My heart skipped a bit as I pondered how my son could have gotten in trouble within the space of literally five minutes. My toddler was asleep over his dad's shoulder, so there was only one other boy to whom she could be referring.
As I turned in the direction of the voice, I came face to face with an older woman and a young boy sitting in one of the booths.
"Is that your son?" she asked again, pointing straight at my five-year-old. "The one with the homeschool t-shirt?"
My son happened to be wearing a t-shirt from the Texas Homeschool Coalition, the statewide advocacy and support group for those of us who've beaten a different path through life.
The shirt reads on the front, "I homeschool in Texas . . ." and on the back, ". . . where people are free."
I nodded. "Yes, he's mine." And then I waited for the other shoe to drop because with my darling boy there's always another shoe.
"Do you, do you homeschool?" the woman asked hesitatingly, the last word barely slipping out of her mouth, as if saying it too loudly might bring on a hail of fire-tipped arrows.

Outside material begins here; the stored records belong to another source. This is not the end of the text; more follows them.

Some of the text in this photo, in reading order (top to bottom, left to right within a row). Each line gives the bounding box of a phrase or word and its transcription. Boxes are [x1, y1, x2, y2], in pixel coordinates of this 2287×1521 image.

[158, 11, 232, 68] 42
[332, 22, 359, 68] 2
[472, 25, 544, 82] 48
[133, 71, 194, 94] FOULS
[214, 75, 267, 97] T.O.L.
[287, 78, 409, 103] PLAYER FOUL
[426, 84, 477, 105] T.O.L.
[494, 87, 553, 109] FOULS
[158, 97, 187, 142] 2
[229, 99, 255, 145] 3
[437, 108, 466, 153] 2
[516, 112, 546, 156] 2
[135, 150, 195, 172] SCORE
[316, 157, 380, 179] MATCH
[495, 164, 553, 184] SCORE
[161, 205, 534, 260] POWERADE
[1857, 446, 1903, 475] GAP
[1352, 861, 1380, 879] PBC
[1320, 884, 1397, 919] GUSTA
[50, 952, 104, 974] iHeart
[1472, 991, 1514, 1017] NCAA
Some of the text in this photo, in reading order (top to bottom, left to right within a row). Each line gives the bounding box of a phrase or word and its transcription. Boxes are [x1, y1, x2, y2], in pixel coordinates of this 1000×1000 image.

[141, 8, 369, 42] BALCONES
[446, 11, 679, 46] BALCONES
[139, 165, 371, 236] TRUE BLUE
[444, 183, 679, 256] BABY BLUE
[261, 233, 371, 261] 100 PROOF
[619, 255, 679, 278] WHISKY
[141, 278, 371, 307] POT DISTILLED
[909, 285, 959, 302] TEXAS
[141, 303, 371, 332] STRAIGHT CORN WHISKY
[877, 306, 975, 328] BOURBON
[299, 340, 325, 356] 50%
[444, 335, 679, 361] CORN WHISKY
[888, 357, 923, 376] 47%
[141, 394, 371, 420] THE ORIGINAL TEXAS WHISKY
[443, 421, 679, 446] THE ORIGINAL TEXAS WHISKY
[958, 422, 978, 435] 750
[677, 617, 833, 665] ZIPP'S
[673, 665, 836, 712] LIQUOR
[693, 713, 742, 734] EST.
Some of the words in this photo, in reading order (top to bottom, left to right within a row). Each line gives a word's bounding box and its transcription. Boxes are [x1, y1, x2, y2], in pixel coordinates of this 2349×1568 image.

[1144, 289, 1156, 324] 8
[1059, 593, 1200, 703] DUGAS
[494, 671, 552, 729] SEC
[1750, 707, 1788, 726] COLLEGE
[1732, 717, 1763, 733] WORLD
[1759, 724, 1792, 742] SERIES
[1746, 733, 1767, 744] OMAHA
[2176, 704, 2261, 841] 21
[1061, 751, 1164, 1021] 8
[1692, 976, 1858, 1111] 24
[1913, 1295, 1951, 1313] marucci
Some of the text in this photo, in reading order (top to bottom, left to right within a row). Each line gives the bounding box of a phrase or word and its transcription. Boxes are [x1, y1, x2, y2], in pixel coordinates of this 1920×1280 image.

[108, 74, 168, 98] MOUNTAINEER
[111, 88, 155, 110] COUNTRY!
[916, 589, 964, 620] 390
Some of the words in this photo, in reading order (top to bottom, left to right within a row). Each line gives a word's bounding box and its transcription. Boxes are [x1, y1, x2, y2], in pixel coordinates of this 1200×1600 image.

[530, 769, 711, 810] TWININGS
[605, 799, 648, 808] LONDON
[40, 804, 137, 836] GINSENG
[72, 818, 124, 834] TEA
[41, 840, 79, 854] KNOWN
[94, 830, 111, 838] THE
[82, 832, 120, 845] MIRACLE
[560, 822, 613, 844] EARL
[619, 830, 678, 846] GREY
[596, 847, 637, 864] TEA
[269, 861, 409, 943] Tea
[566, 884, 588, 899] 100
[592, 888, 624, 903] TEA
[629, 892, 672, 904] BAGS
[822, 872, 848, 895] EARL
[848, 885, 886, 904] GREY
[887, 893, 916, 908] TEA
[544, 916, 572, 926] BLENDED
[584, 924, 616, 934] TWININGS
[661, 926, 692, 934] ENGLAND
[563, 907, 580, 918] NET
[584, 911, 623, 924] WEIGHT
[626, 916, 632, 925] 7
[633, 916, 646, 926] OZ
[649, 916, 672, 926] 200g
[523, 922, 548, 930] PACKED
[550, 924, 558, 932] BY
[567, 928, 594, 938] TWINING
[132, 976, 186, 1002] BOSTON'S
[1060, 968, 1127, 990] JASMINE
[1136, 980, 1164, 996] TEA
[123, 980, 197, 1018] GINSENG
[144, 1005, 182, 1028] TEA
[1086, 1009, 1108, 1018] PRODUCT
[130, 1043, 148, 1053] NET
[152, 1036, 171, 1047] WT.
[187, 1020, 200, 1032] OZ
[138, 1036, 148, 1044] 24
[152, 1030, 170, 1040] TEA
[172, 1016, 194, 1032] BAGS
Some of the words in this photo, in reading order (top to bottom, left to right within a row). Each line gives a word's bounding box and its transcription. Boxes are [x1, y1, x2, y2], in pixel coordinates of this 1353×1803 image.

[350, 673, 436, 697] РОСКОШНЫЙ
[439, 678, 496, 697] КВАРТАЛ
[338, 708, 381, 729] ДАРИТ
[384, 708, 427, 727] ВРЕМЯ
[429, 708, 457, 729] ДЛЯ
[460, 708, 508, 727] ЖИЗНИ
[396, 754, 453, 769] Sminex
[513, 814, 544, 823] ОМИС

"We do and we're in our fourth year," I replied. "Is it hard?" she asked, "because I've been thinking about homeschooling my grandson. He's ten." She gestured towards the boy seated across from her in the booth. Her name was Grace and she told me how she was tired of haggling with his teachers over everything from falling grades to name-calling.
"It's usually hard the first year, but that's because it's all very new and different," I said. "Once you find your groove it gets easier."
And thus began the conversation I've had now with countless strangers -- a lady at Half Price Books, another in the waiting room where my daughter goes to speech therapy, still another at the dentist's office. So many, I've lost count.
Something we do or say or have in our possession usually gives us away. Sometimes it's my THSC tote bag, other times I'm reading a magazine for homeschooling parents. The lady at Half Price Books figured me out just by the kind of books I had stacked next to me on the floor. "I thought you probably homeschooled," she said, "because it's usually people like you who buy books like those for their kids." My pile that day consisted of a variety of topics in science -- zoology, oceanography, astronomy, prehistoric animals and the Ice Age.
Even though I don't wear it on my sleeve, I always appreciate the opportunity to encourage someone who's considering what looks from their end like the scariest step they could ever take. I was there once -- it seems like a long time ago now -- and I remember the feeling of free-falling and the almost unbearable fear of failure.
Grace's grandson spoke up. "Do you know what happened to me on Monday?" he asked me. "No," I replied. "What happened?"
His round face twisted into a frown. "I was having trouble with my math homework and when I brought it to my teacher she told me I was pathetic," he said. "Do you know what that means?"
I told him I did and asked him, "Do you know that it was wrong for her to say that to you?" He nodded. "Everyone has trouble in math sometimes and just because you need extra practice or don't understand something doesn't mean you're pathetic." That made him smile.
I turned to his grandmother. "You, of course, know what his teacher said is wrong, don't you?" She nodded and told me she'd spent half the next morning going from one school official to another demanding satisfaction. "Did you get it?" I asked. Rolling her eyes, Grace replied, "You know, school is so much different than it was when I was his age. I have two grown children and I never had the problems I'm having now. My grandson is a good student, usually A's and B's, but it's the teachers he's had who have made him so miserable."
I pointed out that a lot of good teachers are working in much more stressful environments than they did 20 or 30 years ago, and she nodded. "It's the testing, the teachers are always worried about the testing because they don't want to lose their jobs. I think they get burned out faster than they used to," Grace said.
I gave her my name and e-mail address and told her to contact me if she wanted more information on the local homeschool association to which we belong.
"Shifting gears is hard," I said, "and homeschooling is not the cure for everything that might ail you or the child, but it's a valid option if you've run out of others." And with that we parted ways, me to my Italian supper and Grace and her grandson out into the dark and misty night.
I don't know whether she'll contact me, but at the very least I like to think I've given her hope.
Sometimes all you need is to know you have a choice.